Accordingly, the hearing on plaintiffs’ motion for preliminary injunction shall be held in an open courtroom in the District Court in Bridgeport. Testifying class members may testify under fictitious names and there shall be no testimony of a sufficiently detailed nature to compromise their identities. If any testifying class member so wishes, he or she may appear in the courtroom in a disguised manner, so that he or she will not be recognized by facial or other characteristics. Lastly, to the extent there are any witnesses whose circumstances are so unusual that the above guidelines are insufficient to protect their identities, on or before March 30, 1989, plaintiffs may file a motion for reconsideration of this ruling with respect to such individuals, attached to which shall be an affidavit or affidavits, filed under seal, setting forth in detail the underlying circumstances and why the protections described above are inadequate.

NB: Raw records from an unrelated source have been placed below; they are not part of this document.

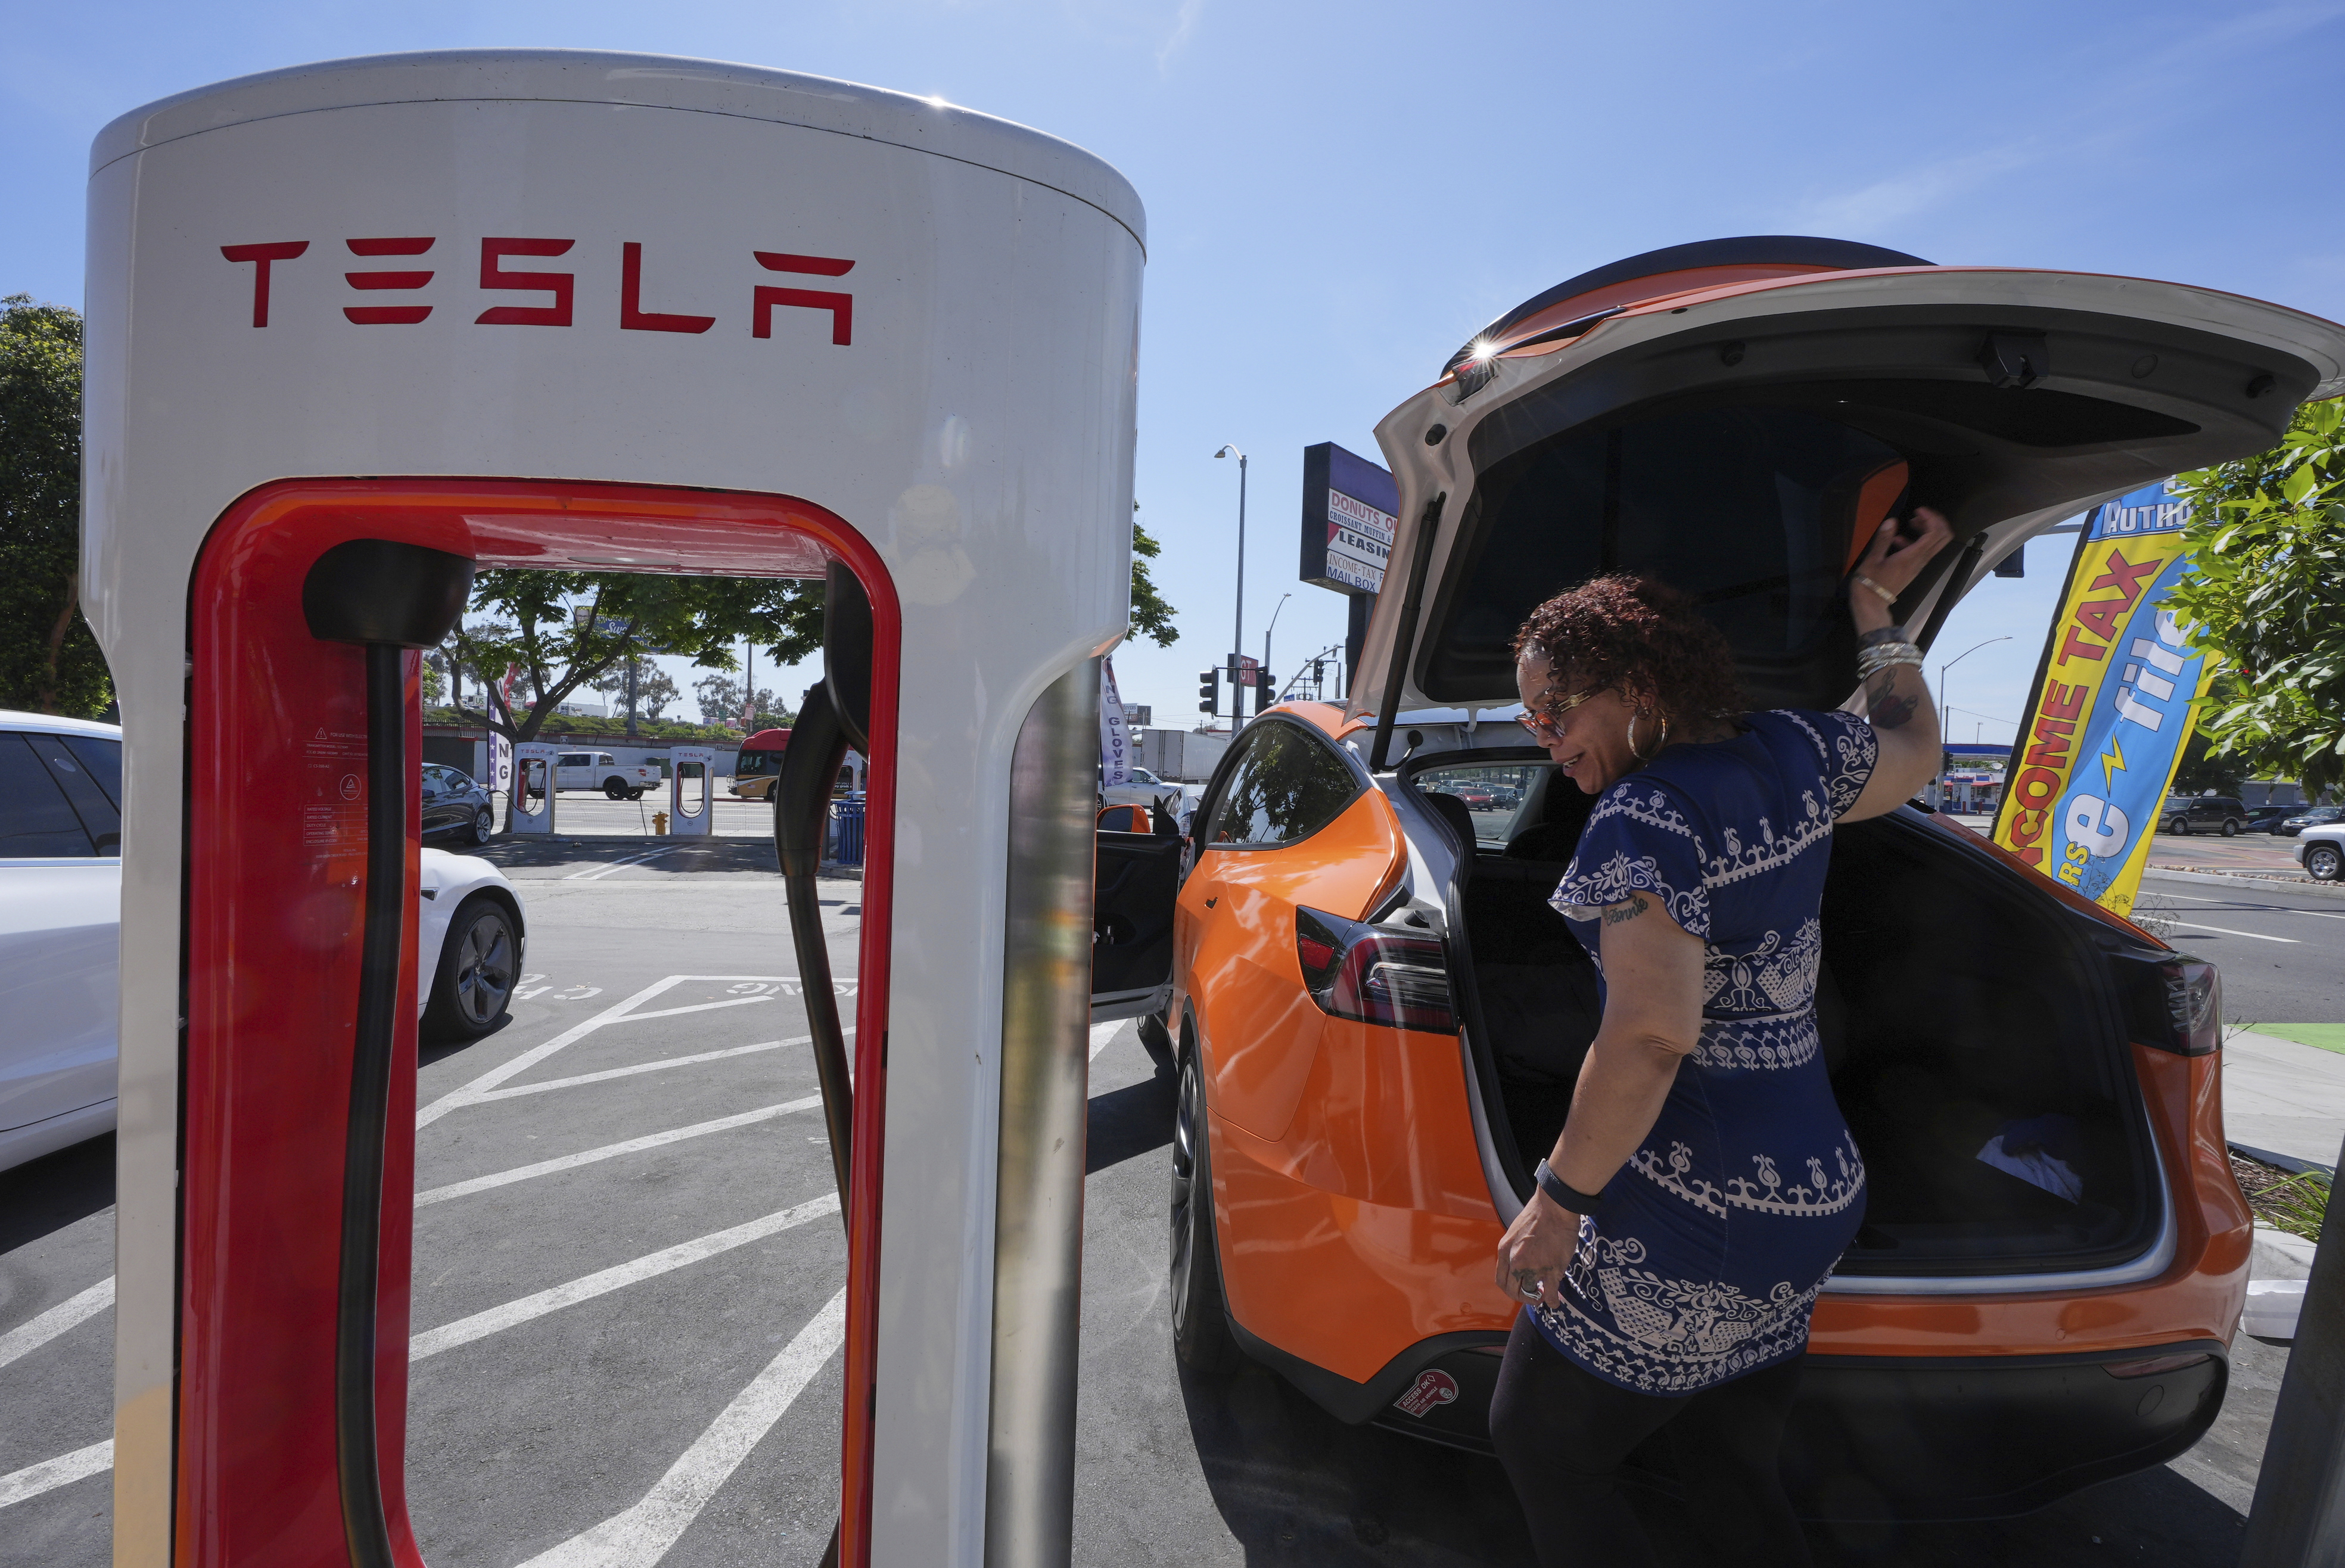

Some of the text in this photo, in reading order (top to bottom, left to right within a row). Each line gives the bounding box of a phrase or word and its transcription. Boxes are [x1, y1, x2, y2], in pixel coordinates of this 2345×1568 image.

[220, 237, 856, 346] TESLA
[1332, 492, 1380, 524] DONUTS
[1330, 511, 1362, 530] CROISSANT
[1364, 525, 1385, 540] MUFFIN
[1327, 567, 1376, 592] MAIL BOX
[2057, 548, 2164, 670] TAX
[1109, 717, 1123, 780] GLOVES
[1402, 1379, 1430, 1407] ACCESS OK
[1410, 1402, 1421, 1413] CLEAN
[1425, 1386, 1438, 1399] VEHICLE

See 28 U.S.C. Section 636(b) (written objections to ruling must be filed within ten days after service of same); F.R.Civ.P. 72; Rule 2 of the Local Rules for United States Magistrates, United States District Court for the District of Connecticut.

. For convenience purposes only, the acronym HIV shall be interchangeable with the acronyms AIDS (Aquired Immune Deficiency Syndrome) and ARC (AIDS-Related Complex).

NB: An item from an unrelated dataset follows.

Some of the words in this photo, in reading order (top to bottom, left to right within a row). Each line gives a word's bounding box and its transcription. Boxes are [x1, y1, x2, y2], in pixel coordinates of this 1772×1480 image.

. By agreement of counsel, a class was certified in this matter (see Dkt. # 88, filed January 20, 1989 and approved absent objection on February 13, 1989); counsel further agreed as to the content and manner of notice to class members (see Dkt. # 102, filed March 3, 1989).

. Defendants have reserved the right, however, to ask for modifications, as needed.

. Plaintiffs have agreed to disclose to defense counsel the true names of their HIV-infected witnesses, so that defendants may prepare their defense, provided any persons to whom defense counsel make redisclosure be required to file an Acknowledgement of Duty Not to Disclose, attached to the Protective Order, filed October 27, 1988. (Dkt. #41). See Ruling on Defendants' Request for Permission to Disclose the Identities of Certain Named Plaintiffs to Department of Correction Staff and for Partial Modification of the Protective Order Dated October 27, 1988, also filed today.